> Problem to solve
Transcribe exactly the line containing "this 2576×1190 image." and each line after it, through the end of the entries, with nothing before or after.

Start of Given data

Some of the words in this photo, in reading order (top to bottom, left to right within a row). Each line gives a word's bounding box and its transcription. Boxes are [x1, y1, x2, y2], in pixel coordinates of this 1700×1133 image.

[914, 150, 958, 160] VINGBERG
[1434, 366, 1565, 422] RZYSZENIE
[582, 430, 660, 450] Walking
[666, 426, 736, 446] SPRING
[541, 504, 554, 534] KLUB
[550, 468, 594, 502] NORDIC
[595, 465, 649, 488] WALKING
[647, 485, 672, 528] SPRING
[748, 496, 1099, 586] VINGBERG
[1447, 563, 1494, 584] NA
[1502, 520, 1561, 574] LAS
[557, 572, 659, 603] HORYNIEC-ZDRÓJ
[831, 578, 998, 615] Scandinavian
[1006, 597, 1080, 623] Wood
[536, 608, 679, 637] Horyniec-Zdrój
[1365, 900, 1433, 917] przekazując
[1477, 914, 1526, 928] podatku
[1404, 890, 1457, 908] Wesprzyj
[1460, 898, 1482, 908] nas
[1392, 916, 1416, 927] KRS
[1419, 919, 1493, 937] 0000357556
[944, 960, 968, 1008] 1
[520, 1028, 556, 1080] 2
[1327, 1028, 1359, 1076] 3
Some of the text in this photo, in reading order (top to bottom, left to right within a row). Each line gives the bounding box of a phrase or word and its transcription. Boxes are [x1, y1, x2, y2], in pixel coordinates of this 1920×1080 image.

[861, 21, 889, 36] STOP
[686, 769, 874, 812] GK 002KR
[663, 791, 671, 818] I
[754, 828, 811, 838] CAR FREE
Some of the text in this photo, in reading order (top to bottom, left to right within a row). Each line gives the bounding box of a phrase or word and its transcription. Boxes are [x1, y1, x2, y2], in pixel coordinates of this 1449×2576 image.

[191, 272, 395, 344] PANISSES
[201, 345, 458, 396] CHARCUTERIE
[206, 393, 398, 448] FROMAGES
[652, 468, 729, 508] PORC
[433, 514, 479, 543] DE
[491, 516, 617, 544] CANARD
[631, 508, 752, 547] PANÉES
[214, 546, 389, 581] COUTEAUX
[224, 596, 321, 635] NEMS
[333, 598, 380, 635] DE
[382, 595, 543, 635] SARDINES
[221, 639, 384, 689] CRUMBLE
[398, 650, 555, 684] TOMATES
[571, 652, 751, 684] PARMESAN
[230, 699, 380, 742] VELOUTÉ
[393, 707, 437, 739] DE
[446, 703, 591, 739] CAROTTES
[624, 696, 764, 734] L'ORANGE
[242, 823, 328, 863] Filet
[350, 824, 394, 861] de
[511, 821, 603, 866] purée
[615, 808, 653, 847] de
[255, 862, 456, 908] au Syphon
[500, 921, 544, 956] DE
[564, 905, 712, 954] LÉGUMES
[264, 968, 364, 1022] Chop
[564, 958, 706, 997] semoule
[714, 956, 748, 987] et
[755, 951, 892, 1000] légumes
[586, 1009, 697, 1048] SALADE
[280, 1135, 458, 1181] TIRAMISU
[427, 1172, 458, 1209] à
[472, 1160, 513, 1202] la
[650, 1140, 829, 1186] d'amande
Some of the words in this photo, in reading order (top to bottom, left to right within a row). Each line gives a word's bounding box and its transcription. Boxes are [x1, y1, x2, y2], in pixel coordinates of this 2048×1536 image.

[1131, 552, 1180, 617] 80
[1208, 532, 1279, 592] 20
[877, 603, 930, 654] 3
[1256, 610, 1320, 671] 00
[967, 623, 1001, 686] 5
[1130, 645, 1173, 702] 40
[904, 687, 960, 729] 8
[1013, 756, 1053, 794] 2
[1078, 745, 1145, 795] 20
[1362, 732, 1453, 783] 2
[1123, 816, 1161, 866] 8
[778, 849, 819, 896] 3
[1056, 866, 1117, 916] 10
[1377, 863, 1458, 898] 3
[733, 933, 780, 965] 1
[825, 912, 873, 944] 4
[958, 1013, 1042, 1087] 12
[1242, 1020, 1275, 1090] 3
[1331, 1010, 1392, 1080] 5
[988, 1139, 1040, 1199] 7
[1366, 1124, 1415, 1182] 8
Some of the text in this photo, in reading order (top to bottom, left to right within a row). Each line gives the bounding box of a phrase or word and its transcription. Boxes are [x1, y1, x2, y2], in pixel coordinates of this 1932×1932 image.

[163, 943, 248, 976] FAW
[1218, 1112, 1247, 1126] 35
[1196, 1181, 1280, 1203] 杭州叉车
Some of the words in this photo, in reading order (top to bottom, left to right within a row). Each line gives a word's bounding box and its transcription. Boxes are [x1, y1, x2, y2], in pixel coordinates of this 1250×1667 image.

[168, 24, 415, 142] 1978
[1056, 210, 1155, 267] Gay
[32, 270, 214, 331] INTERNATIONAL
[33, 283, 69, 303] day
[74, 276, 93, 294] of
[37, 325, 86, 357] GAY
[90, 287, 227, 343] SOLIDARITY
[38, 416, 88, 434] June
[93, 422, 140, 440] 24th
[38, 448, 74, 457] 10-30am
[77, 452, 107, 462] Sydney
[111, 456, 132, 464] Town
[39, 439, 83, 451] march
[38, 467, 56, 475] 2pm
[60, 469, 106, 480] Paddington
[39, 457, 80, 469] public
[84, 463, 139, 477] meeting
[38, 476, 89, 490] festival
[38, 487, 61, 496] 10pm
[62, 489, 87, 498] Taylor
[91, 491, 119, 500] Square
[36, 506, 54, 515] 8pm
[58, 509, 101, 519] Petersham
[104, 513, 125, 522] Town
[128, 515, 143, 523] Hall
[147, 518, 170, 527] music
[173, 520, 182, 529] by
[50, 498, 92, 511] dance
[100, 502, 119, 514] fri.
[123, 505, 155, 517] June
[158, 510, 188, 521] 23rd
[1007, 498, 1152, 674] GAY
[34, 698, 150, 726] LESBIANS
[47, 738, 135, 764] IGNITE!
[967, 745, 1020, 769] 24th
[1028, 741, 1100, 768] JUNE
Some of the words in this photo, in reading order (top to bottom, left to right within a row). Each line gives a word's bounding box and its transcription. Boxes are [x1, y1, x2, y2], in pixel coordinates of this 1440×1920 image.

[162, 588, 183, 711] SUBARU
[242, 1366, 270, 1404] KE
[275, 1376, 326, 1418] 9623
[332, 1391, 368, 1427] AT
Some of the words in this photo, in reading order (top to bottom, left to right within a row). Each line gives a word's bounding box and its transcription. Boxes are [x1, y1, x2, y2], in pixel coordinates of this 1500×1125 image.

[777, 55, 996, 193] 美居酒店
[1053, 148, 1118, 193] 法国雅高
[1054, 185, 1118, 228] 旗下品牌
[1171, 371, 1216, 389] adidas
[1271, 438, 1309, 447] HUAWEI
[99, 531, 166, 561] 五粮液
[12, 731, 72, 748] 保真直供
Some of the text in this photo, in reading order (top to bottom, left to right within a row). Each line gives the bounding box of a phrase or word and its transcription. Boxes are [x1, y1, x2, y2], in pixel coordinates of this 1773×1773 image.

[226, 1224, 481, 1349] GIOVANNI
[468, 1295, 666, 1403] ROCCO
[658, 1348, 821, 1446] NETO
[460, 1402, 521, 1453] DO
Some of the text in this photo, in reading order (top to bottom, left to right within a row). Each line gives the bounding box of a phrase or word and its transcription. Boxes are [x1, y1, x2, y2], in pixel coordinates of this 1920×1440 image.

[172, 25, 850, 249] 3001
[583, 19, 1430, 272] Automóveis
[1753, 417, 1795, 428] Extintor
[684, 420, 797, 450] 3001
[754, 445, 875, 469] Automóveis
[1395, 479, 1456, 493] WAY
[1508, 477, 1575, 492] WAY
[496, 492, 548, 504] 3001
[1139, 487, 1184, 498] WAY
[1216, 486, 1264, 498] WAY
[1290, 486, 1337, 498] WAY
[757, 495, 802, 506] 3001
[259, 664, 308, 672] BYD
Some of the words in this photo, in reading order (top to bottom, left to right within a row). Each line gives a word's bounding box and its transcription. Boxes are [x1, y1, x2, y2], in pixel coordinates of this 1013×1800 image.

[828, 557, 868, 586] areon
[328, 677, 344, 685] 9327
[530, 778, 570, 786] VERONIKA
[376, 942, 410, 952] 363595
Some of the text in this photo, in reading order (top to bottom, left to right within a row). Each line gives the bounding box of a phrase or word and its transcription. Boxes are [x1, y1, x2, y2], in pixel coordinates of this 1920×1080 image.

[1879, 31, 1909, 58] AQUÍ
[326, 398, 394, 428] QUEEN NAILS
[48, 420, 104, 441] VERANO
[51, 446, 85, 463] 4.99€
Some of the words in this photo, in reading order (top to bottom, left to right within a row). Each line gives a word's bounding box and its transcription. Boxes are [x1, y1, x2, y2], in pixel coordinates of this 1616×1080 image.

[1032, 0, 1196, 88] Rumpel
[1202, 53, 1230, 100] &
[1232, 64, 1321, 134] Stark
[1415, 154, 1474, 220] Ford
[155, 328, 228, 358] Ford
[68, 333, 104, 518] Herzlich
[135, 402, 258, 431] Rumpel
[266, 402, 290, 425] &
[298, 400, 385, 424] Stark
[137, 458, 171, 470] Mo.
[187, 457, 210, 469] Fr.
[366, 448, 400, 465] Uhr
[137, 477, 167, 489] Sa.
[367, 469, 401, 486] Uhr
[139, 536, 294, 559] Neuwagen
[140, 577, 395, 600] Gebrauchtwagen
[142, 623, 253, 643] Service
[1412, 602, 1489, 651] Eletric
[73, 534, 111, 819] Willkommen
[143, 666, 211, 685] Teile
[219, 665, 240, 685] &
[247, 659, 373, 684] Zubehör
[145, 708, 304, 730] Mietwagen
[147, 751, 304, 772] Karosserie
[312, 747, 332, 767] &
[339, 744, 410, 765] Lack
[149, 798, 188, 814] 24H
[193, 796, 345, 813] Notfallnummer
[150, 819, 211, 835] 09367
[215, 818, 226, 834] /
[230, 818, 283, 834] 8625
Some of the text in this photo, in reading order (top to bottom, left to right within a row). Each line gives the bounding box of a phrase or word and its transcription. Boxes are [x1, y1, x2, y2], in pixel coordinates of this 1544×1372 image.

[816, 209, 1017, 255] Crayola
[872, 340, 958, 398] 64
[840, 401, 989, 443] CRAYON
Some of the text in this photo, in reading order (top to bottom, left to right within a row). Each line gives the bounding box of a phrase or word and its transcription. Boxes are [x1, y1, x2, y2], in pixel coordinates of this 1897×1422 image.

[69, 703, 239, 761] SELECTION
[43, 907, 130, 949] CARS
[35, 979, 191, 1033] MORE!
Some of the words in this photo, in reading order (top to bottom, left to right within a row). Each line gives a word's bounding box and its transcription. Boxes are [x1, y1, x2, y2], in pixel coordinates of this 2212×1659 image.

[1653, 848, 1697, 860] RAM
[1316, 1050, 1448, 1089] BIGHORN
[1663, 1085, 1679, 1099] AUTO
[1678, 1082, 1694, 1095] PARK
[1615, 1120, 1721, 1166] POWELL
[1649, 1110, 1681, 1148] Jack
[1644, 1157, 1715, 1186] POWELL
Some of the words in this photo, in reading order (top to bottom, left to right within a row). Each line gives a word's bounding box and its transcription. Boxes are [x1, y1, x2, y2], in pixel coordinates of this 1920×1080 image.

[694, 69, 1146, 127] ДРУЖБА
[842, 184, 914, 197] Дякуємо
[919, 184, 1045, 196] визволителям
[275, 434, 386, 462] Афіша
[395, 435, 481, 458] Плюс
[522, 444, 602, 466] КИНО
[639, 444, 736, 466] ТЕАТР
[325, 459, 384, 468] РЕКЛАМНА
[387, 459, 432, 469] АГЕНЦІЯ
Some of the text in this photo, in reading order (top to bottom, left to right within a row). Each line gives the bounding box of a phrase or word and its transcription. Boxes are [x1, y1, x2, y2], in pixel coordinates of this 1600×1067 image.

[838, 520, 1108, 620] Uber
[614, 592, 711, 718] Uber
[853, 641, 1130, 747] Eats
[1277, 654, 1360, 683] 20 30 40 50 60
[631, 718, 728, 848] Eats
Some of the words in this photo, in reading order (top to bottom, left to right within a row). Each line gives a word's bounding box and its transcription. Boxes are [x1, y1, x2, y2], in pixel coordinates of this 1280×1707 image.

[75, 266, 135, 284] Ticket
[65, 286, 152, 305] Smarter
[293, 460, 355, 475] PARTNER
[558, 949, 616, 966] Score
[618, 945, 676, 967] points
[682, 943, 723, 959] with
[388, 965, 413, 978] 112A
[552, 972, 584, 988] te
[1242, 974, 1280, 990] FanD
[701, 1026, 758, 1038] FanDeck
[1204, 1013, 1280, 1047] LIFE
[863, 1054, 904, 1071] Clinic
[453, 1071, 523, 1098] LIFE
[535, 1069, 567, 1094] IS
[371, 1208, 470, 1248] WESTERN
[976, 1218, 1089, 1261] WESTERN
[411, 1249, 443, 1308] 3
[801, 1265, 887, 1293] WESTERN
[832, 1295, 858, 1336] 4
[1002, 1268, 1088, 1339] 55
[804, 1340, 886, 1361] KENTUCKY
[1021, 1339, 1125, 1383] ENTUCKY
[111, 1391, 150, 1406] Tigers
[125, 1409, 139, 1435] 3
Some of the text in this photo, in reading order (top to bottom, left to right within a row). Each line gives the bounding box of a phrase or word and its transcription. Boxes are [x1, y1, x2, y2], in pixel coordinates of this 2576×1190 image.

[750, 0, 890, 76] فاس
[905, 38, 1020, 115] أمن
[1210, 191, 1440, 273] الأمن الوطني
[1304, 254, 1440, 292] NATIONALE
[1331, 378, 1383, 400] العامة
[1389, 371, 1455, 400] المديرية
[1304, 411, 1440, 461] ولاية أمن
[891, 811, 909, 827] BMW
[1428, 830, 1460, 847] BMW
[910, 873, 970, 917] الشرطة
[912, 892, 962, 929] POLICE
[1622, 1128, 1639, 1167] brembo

End of Given data

> Answer to this task
Some of the text in this photo, in reading order (top to bottom, left to right within a row). Each line gives the bounding box of a phrase or word and its transcription. Boxes are [x1, y1, x2, y2], in pixel coordinates of this 2576×1190 image.

[750, 0, 890, 76] فاس
[905, 38, 1020, 115] أمن
[1210, 191, 1440, 273] الأمن الوطني
[1304, 254, 1440, 292] NATIONALE
[1331, 378, 1383, 400] العامة
[1389, 371, 1455, 400] المديرية
[1304, 411, 1440, 461] ولاية أمن
[891, 811, 909, 827] BMW
[1428, 830, 1460, 847] BMW
[910, 873, 970, 917] الشرطة
[912, 892, 962, 929] POLICE
[1622, 1128, 1639, 1167] brembo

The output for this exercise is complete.